> **Work to complete**
All records are to be reproduced verbatim, with images omitted.

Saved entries
════

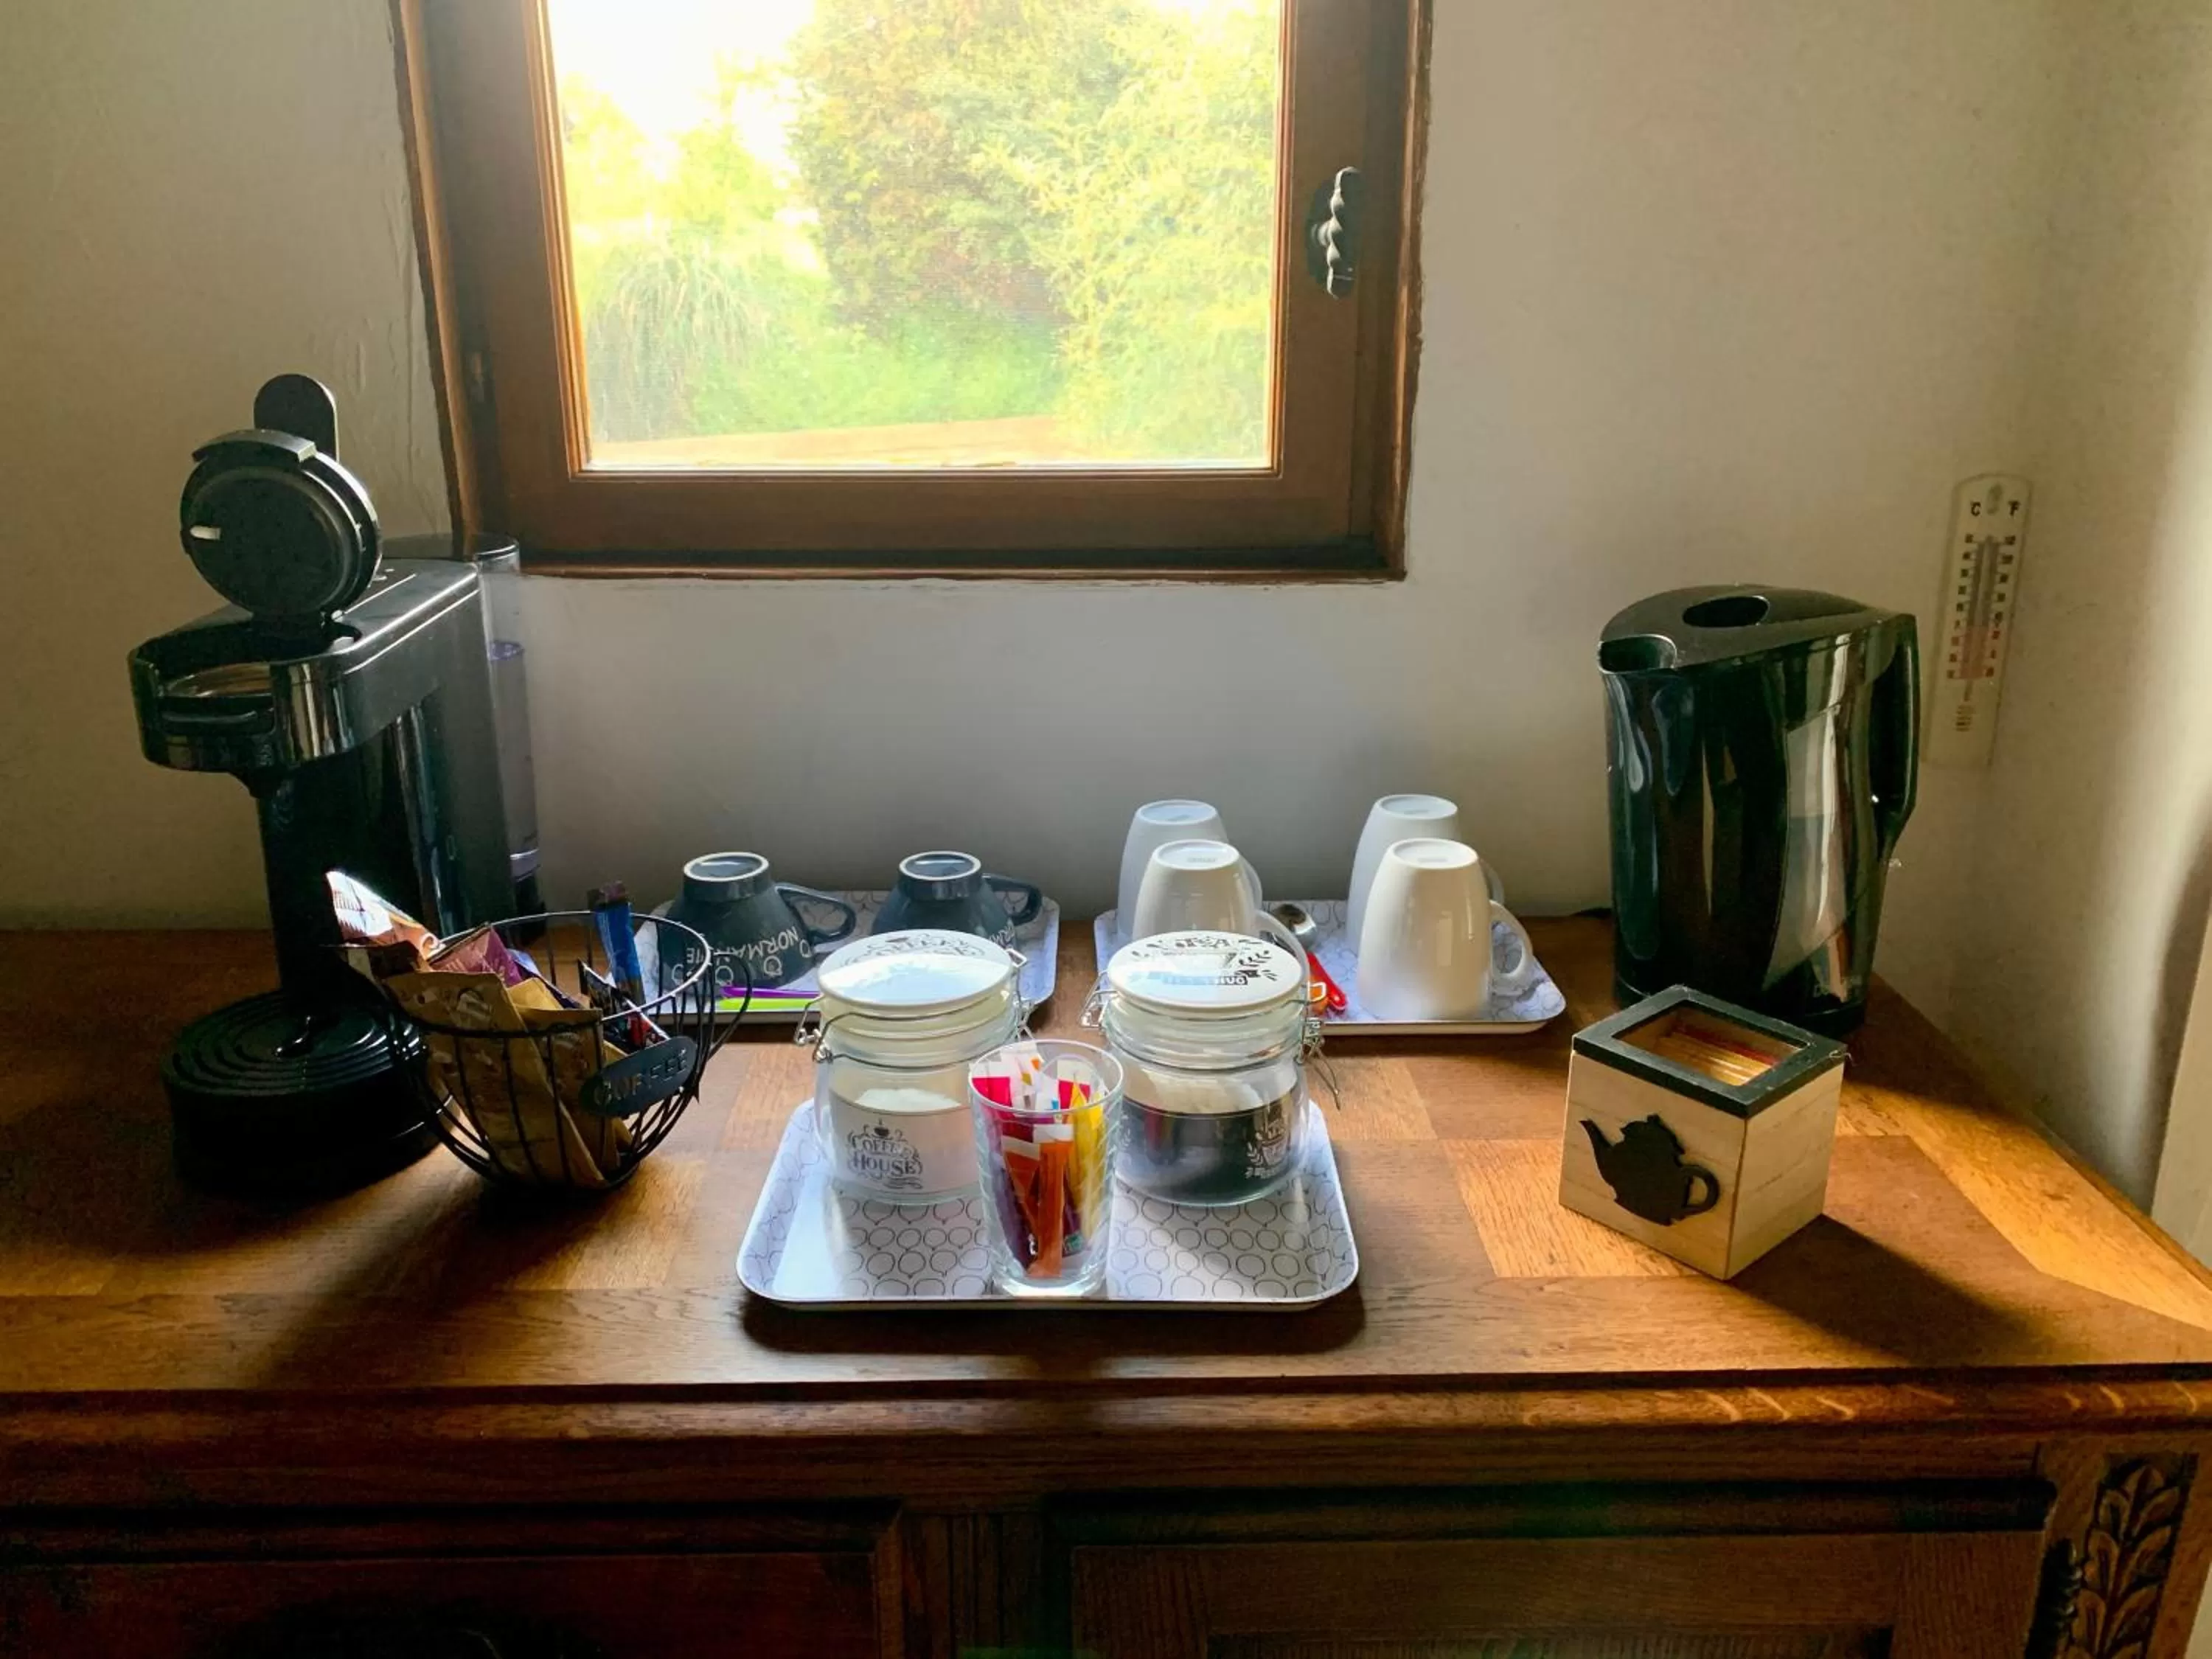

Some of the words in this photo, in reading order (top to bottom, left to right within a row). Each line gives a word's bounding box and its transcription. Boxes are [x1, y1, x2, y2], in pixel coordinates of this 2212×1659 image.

[1970, 501, 1981, 517] C
[2008, 501, 2020, 517] F
[593, 1047, 689, 1105] COFFEE
[852, 1150, 917, 1178] HOUSE

════

> **Task answer**
Some of the words in this photo, in reading order (top to bottom, left to right within a row). Each line gives a word's bounding box and its transcription. Boxes are [x1, y1, x2, y2], in pixel coordinates of this 2212×1659 image.

[1970, 501, 1981, 517] C
[2008, 501, 2020, 517] F
[593, 1047, 689, 1105] COFFEE
[852, 1150, 917, 1178] HOUSE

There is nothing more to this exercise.